## [REQUIRED ACTION]
Each line below is to be repeated exactly; any picture is to be left out.

(Collected data)
────────

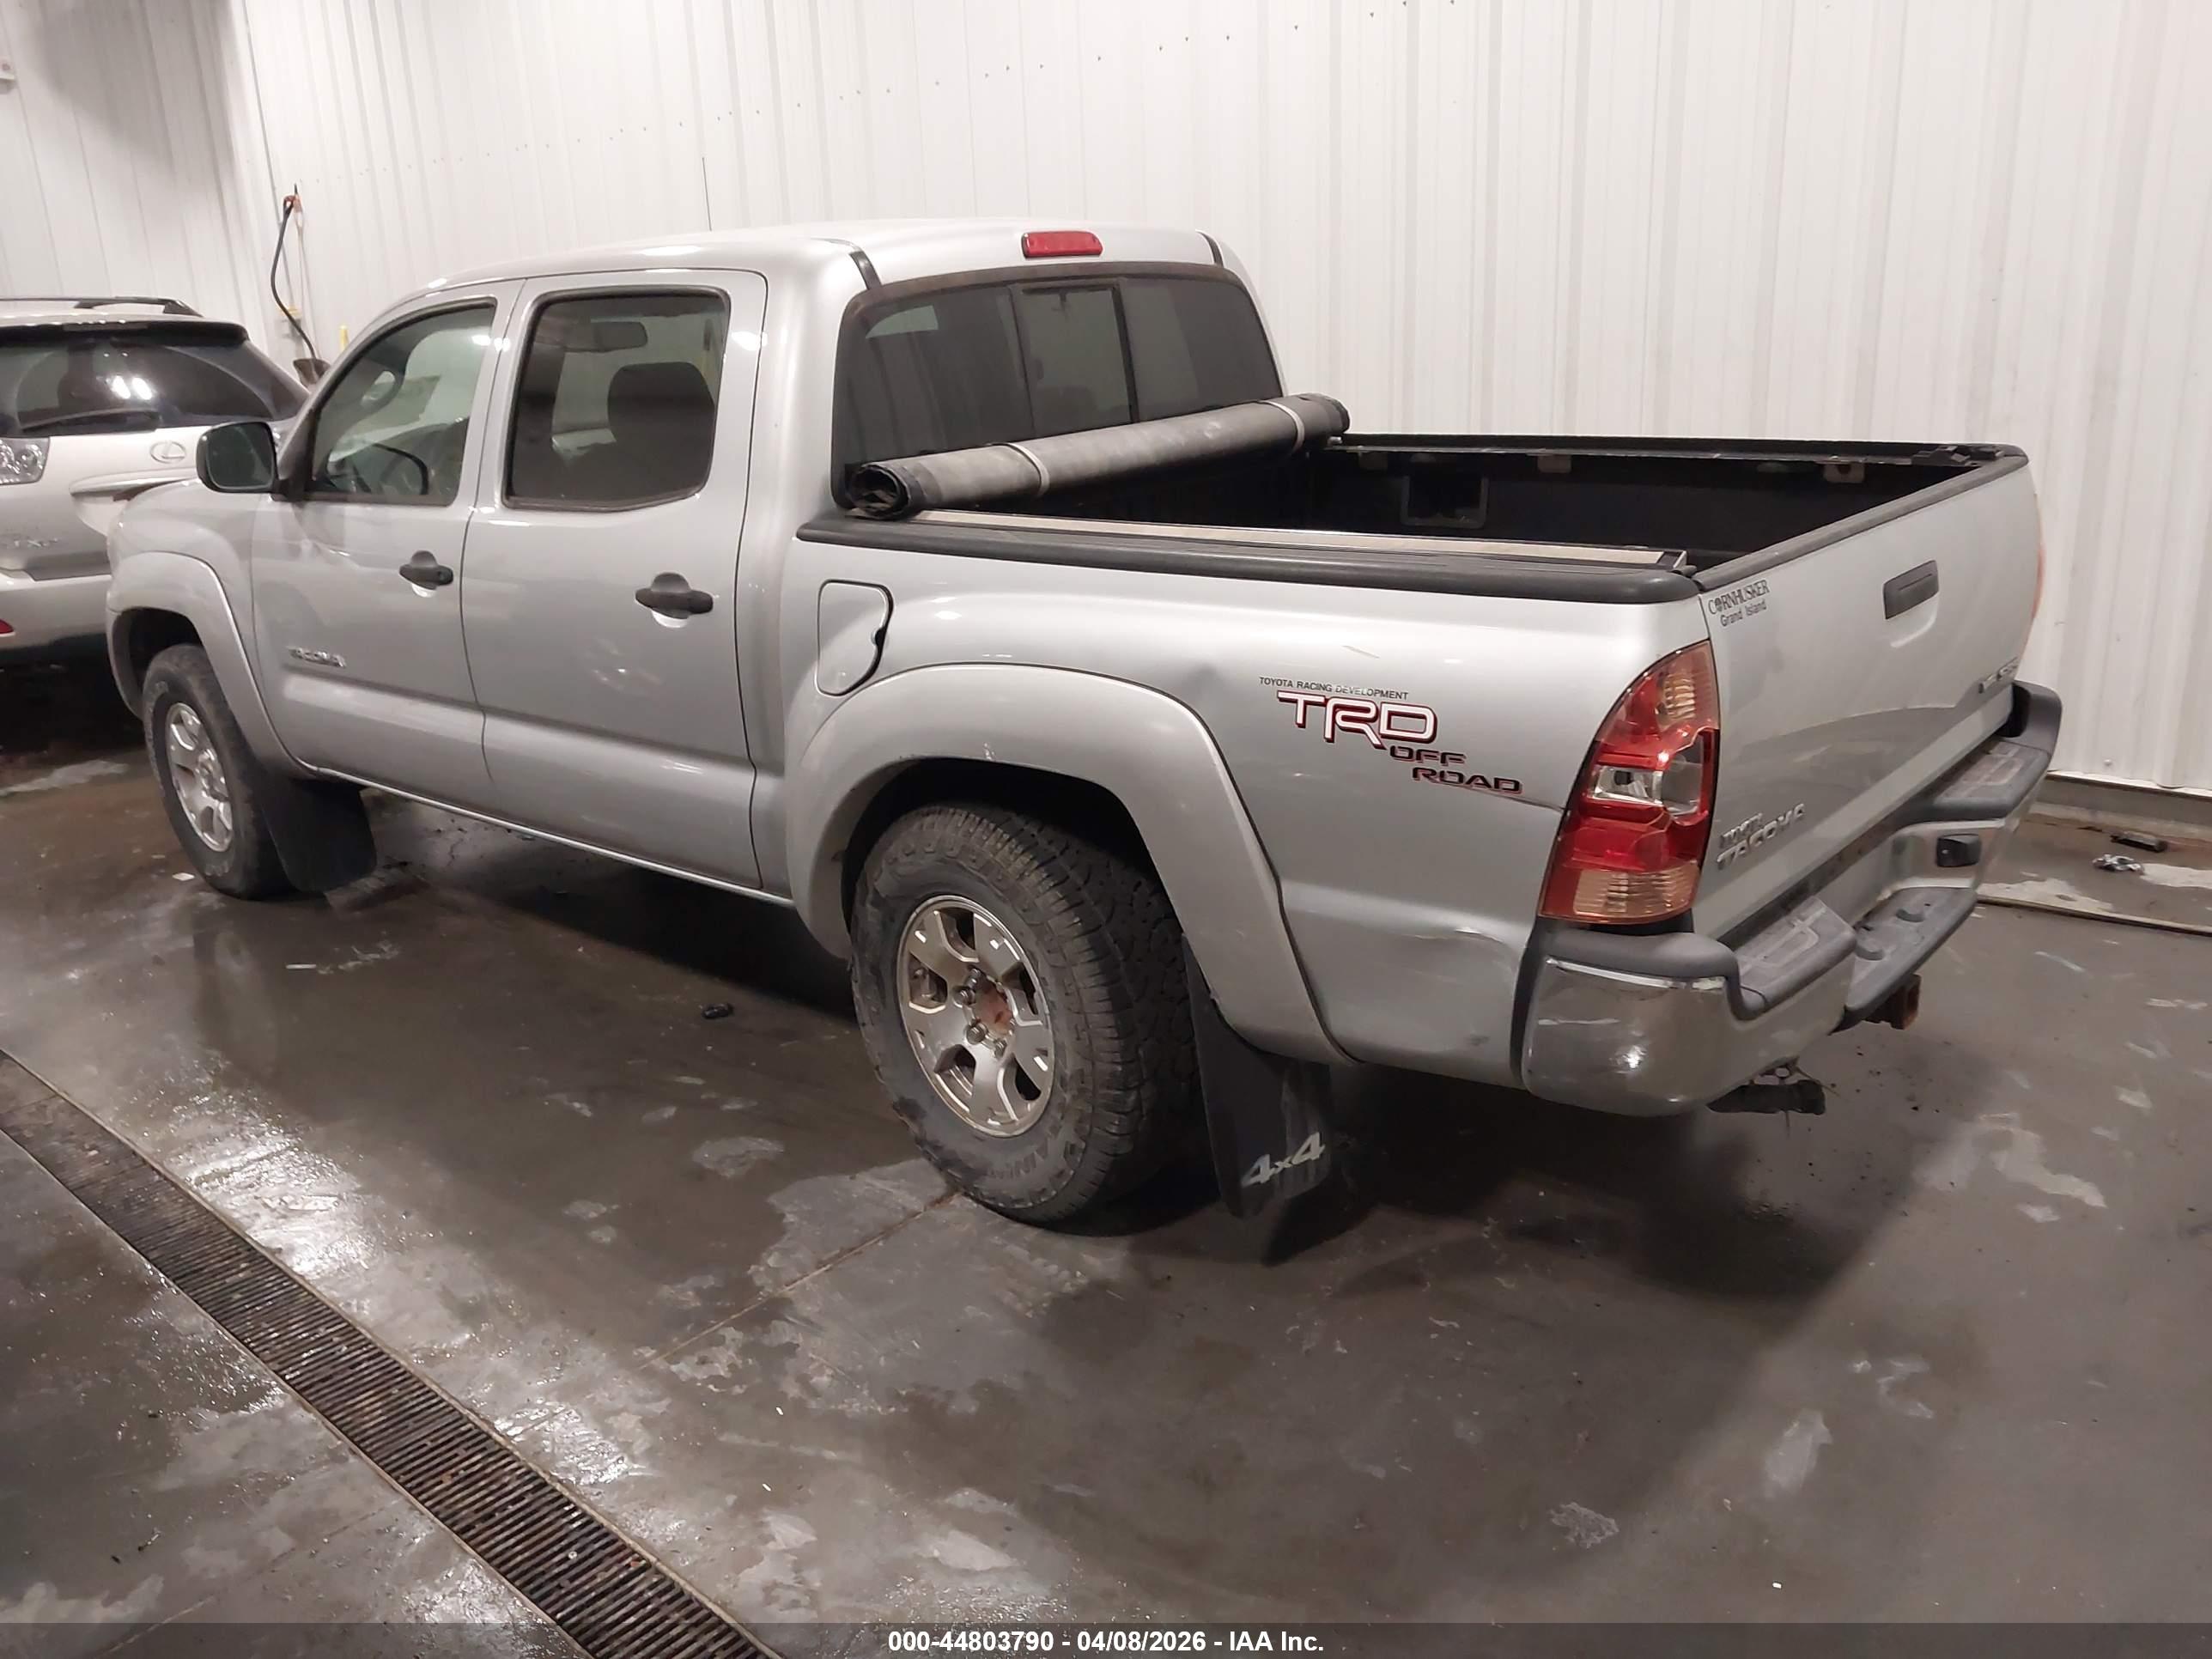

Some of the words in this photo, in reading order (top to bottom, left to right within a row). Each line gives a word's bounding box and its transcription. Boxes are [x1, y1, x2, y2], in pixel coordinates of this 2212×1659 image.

[1720, 609, 1743, 627] Grand
[1745, 598, 1767, 617] Island
[1259, 677, 1294, 689] TOYOTA
[1297, 680, 1333, 692] RACING
[1334, 684, 1409, 701] DEVELOPMENT
[1277, 690, 1438, 750] TRD
[1389, 745, 1467, 766] OFF
[1412, 767, 1523, 794] ROAD

────────

## [WRITTEN RESPONSE]
Some of the words in this photo, in reading order (top to bottom, left to right within a row). Each line gives a word's bounding box and its transcription. Boxes are [x1, y1, x2, y2], in pixel coordinates of this 2212×1659 image.

[1720, 609, 1743, 627] Grand
[1745, 598, 1767, 617] Island
[1259, 677, 1294, 689] TOYOTA
[1297, 680, 1333, 692] RACING
[1334, 684, 1409, 701] DEVELOPMENT
[1277, 690, 1438, 750] TRD
[1389, 745, 1467, 766] OFF
[1412, 767, 1523, 794] ROAD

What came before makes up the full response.